---------- Data shown
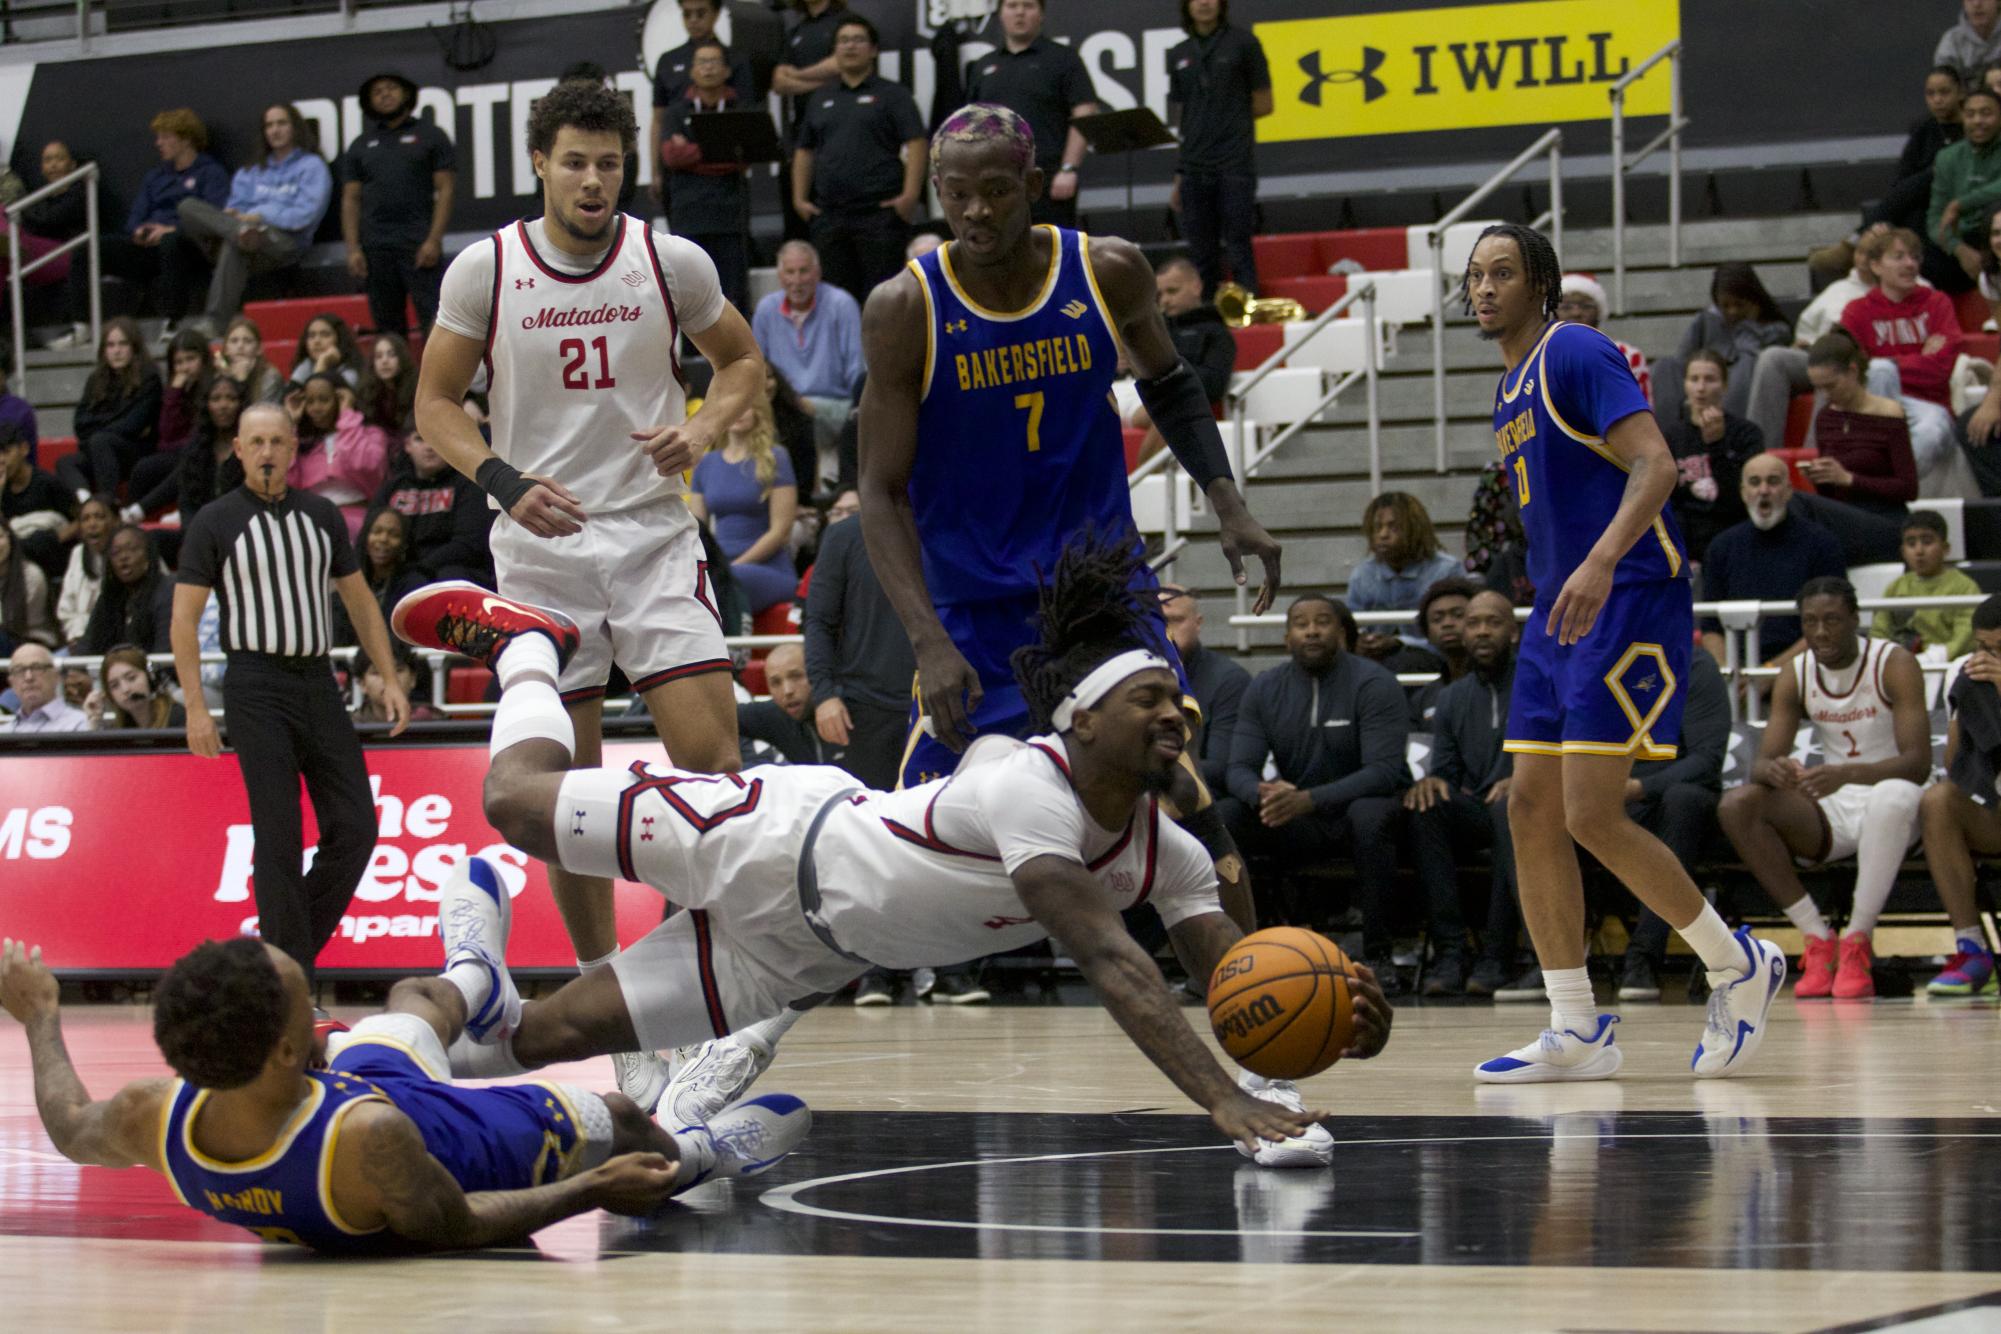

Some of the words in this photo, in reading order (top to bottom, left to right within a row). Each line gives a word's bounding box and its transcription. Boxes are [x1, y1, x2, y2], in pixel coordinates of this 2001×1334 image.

[1412, 45, 1438, 95] I
[1448, 32, 1643, 92] WILL
[521, 303, 643, 330] Matadors
[559, 335, 616, 390] 21
[955, 334, 1092, 391] BAKERSFIELD
[1014, 391, 1045, 452] 7
[1842, 730, 1862, 758] 1
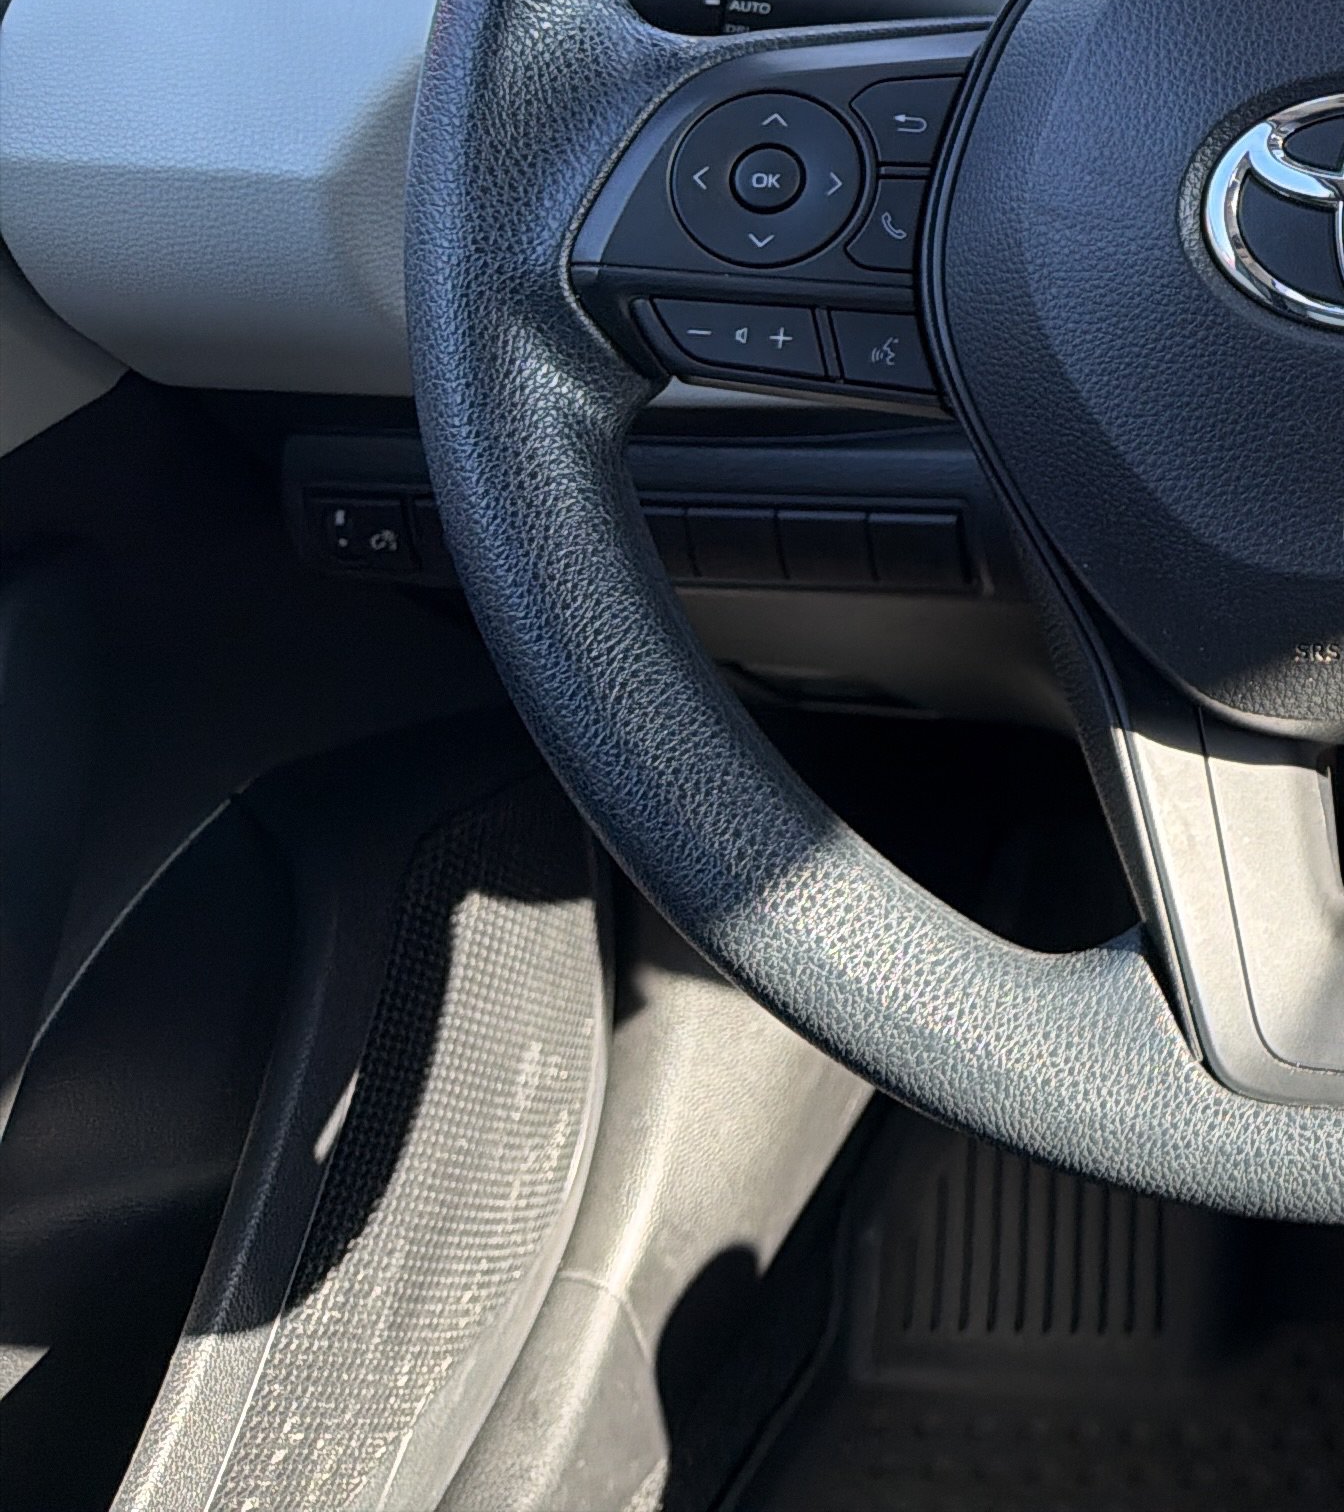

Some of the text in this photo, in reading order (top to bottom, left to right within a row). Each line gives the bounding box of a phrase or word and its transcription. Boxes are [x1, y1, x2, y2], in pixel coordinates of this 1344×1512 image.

[729, 0, 772, 15] AUTO
[751, 172, 781, 188] OK
[1294, 643, 1341, 664] SRS
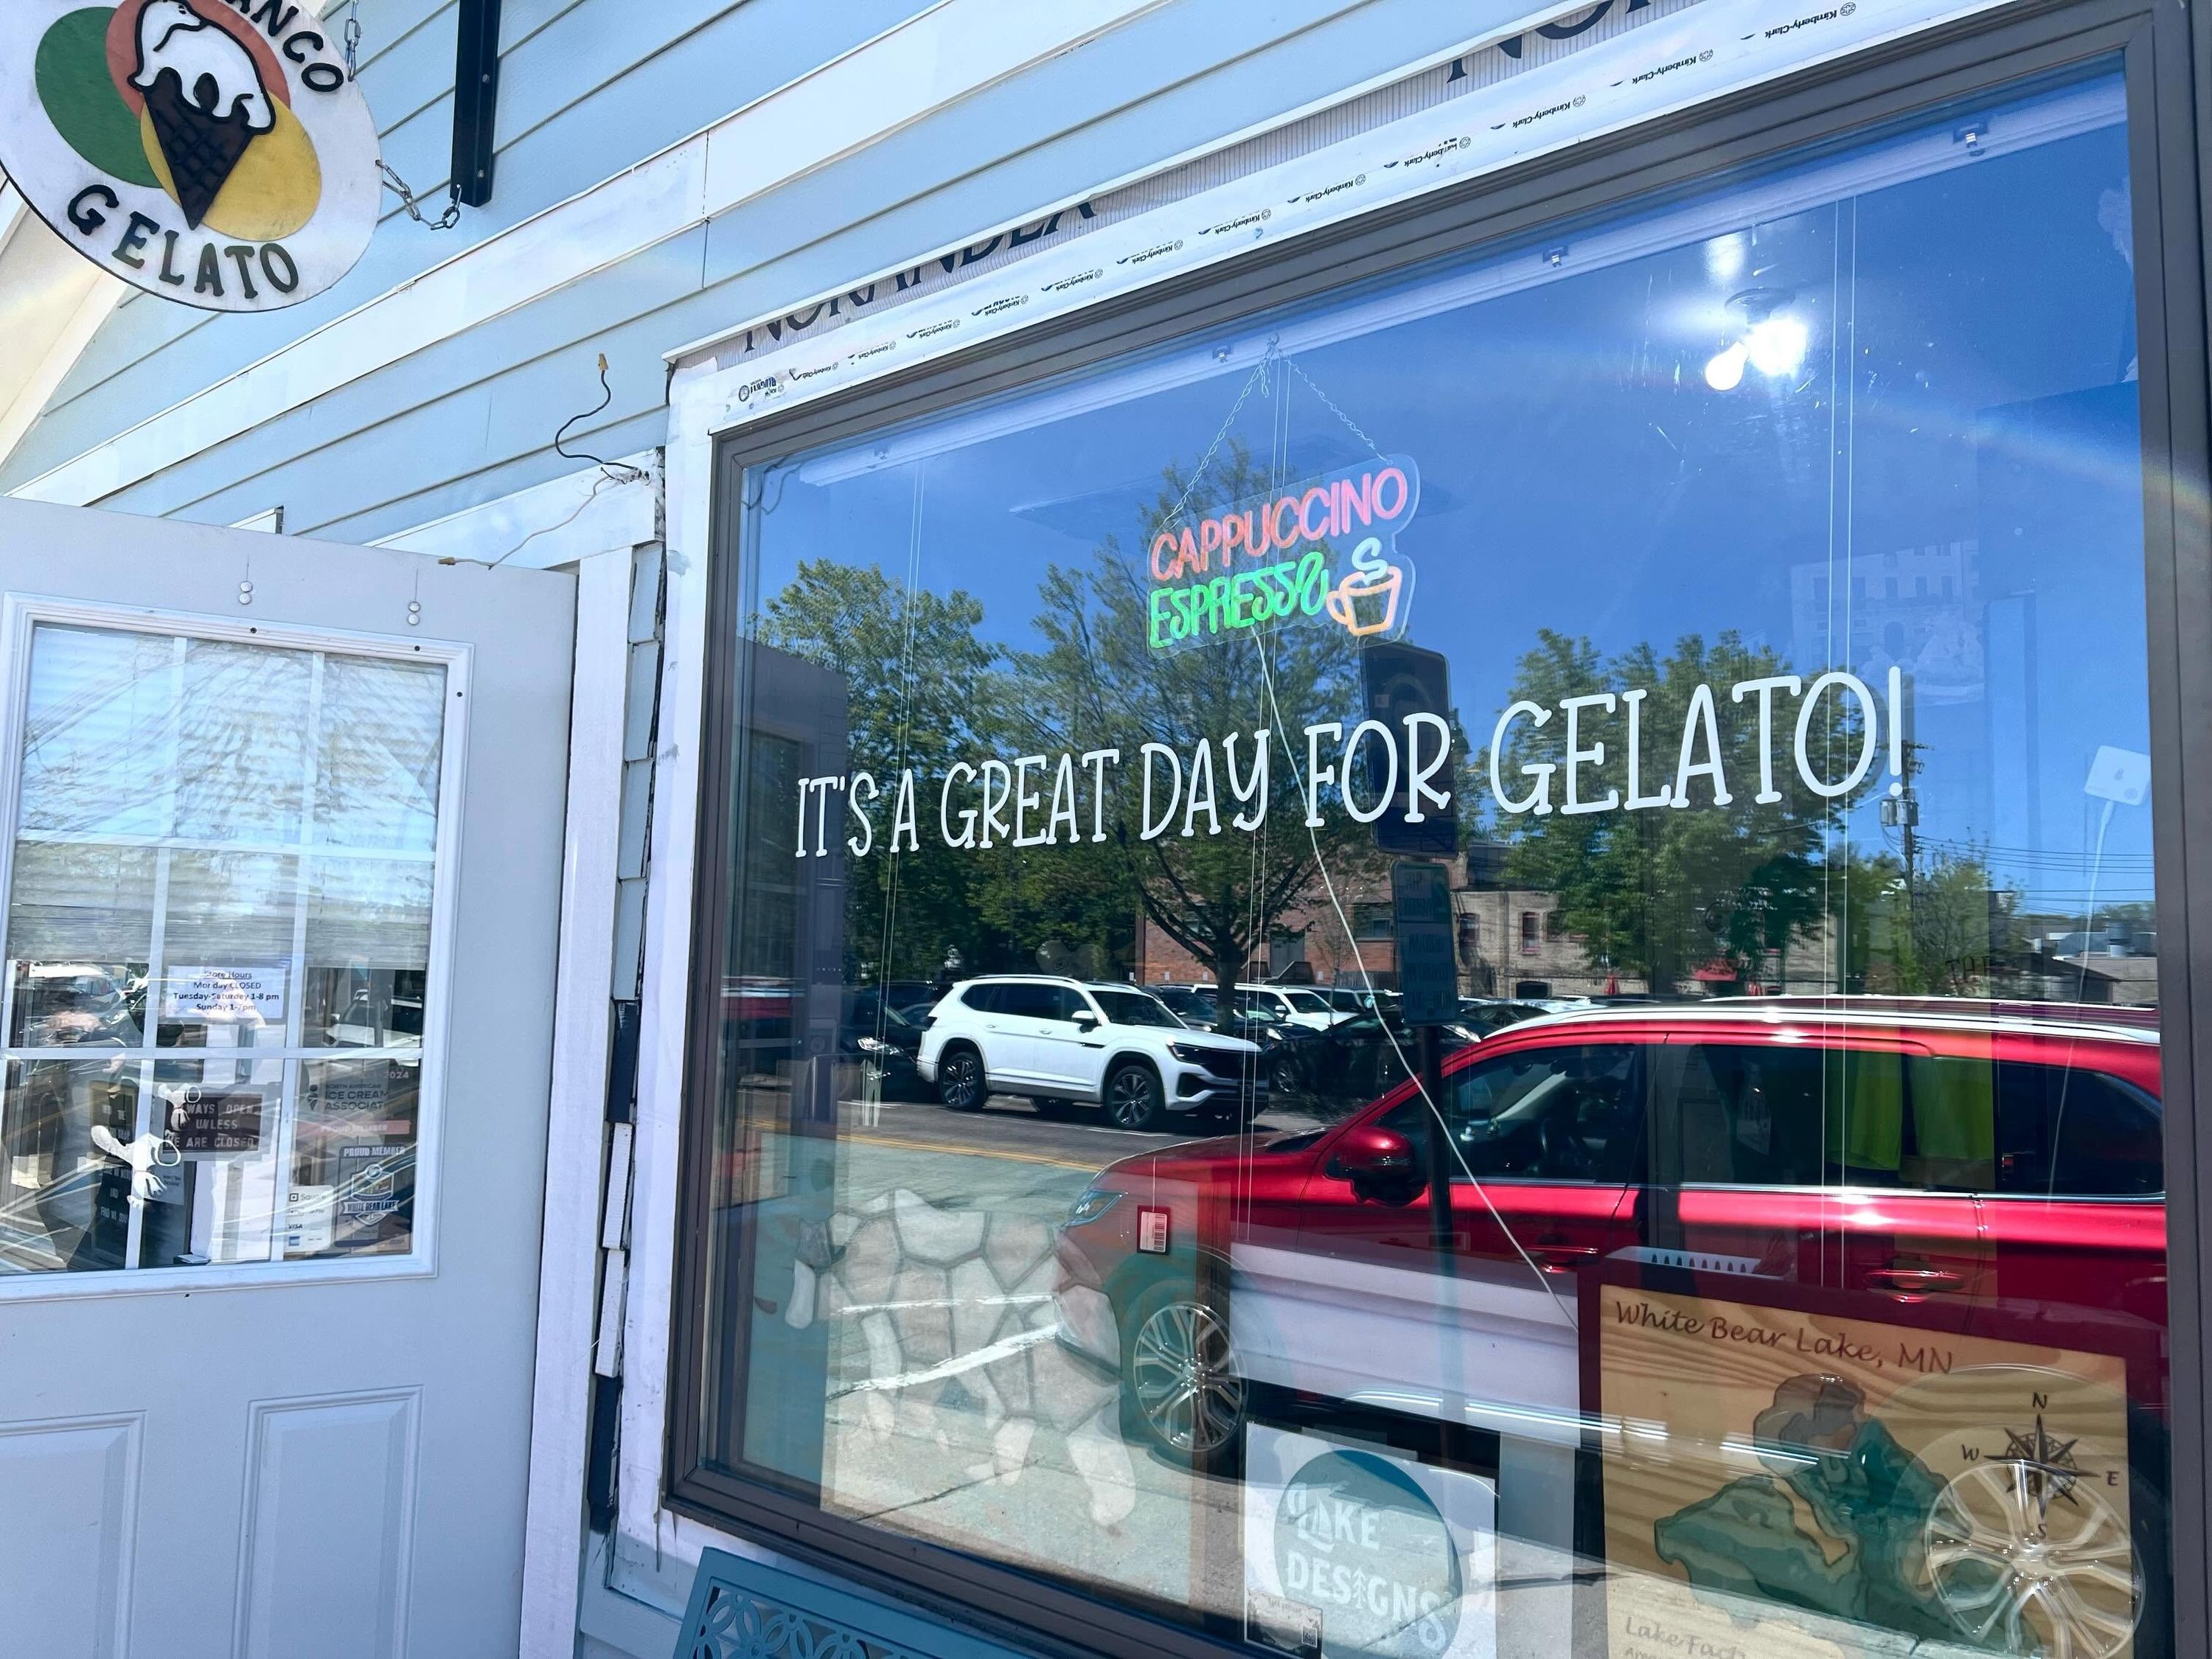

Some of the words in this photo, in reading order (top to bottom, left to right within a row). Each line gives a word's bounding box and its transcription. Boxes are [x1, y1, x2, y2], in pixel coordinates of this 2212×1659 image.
--------------------
The listing should be transcribed in full, exactly, and without its pictures.

Some of the words in this photo, in reading order (top to bottom, left to right within a row). Each line gives a word's bounding box and its transcription. Boxes are [x1, y1, x2, y2], in pixel coordinates of this 2001×1334 image.

[1412, 45, 1438, 95] I
[1448, 32, 1643, 92] WILL
[521, 303, 643, 330] Matadors
[559, 335, 616, 390] 21
[955, 334, 1092, 391] BAKERSFIELD
[1014, 391, 1045, 452] 7
[1842, 730, 1862, 758] 1

Some of the text in this photo, in reading order (top to bottom, left to right within a row). Each line gives the bounding box of a phrase or word and its transcription. Boxes are [x1, y1, x2, y2], in pixel coordinates of this 1344×1512 image.

[729, 0, 772, 15] AUTO
[751, 172, 781, 188] OK
[1294, 643, 1341, 664] SRS

Some of the words in this photo, in reading order (top to bottom, left to right within a row). Each line gives a word's bounding box and its transcription. Boxes are [x1, y1, x2, y2], in pixel coordinates of this 2212×1659 image.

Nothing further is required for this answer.